Иудейская пустыня — это целая страна, неуклонно спускающаяся до самой Иорданской долины, холмы, перевалы, то каменистые, то песчаные, кое-где поросшие жесткой растительностью, обитаемые только змеями, куропатками, погруженные в вечное молчание. Зимою там, как всюду в Иудее, льют дожди, дуют ледяные ветры; весною, летом, осенью — то же могильное спокойствие, однообразие, но солнечный зной, солнечный сон. В лощинах, где попадаются колодцы, видны следы бедуинских стоянок: пепел костров, камни, сложенные кругами или квадратами, на которых укрепляют шатры…
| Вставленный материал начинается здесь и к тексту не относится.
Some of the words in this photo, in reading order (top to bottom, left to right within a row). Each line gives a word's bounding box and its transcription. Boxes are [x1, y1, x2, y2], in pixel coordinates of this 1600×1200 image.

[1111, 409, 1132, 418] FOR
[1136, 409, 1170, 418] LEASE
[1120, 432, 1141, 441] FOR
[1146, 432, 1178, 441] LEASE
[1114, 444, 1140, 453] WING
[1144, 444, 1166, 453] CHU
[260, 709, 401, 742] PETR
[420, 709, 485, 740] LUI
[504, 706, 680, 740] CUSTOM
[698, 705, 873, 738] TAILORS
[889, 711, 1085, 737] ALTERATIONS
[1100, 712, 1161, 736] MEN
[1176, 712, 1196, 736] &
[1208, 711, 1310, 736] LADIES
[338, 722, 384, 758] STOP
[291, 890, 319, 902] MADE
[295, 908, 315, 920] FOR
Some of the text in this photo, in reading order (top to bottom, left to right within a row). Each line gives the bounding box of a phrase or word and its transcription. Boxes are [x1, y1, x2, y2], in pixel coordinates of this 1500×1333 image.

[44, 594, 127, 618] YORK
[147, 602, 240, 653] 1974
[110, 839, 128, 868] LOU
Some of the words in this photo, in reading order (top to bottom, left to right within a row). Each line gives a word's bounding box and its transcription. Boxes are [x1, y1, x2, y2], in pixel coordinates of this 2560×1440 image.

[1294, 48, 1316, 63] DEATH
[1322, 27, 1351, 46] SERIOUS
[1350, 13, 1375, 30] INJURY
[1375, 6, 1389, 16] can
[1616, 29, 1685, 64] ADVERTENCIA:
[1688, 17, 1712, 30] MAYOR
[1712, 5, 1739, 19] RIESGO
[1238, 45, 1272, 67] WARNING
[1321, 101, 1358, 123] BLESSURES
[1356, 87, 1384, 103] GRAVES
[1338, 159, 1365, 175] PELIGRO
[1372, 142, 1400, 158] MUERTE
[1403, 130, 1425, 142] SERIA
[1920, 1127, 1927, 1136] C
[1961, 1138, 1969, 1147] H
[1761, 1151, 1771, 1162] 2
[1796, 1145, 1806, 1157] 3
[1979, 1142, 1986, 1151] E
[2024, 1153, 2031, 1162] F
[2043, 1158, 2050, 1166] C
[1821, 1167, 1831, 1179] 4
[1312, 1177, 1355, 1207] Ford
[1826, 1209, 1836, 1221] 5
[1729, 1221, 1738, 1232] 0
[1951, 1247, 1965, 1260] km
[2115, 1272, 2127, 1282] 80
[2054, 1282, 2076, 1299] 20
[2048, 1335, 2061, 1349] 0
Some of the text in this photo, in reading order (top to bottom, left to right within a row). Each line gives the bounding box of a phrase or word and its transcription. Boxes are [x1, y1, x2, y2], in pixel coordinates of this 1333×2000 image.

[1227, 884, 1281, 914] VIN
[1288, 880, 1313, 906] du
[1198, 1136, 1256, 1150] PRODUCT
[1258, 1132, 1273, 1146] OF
А та стоянка, куда я ездил, где шейхом был Аид, являла такую картину: широкий песчаный лог между холмами и в нем небольшой стан шатров из черного войлока, плоских, четырехугольных и довольно мрачных своей чернотой на желтизне песков. Приезжая, я постоянно видел тлеющие кучки кизяка перед некоторыми шатрами, среди шатров — тесноту: всюду собаки, лошади, мулы, козы — до сих пор не понимаю, чем и где все это кормилось, — множество голых, черномазых, курчавых детей, женщины и мужчины, похожие одни на цыган, другие на негров, хотя не толстогубых… И странно было видеть, как тепло, несмотря на зной, были одеты мужчины: кубовая рубаха до колен, ватная куртка, а сверху аба, то есть очень длинная и тяжелая, широкоплечая хламида из пегой шерсти, полосатой в два цвета — черного и белого; на голове кефийе — желтый с красными полосами платок, распущенный по плечам, висящий вдоль щек и в два раза охваченный на макушке тоже пегим, двуцветным шерстяным жгутом. Все это составляло полную противоположность женской одежде: у женщин на головы накинуты кубовые платки, лица открыты, на теле одна длинная кубовая рубаха с острыми, падающими чуть не до земли рукавами; мужчины обуты в грубые башмаки, подбитые железками, женщины ходят босыми, и у всех ступни чудесные, подвижные и от загара уж совсем как уголь. Мужчины курят трубки, женщины тоже…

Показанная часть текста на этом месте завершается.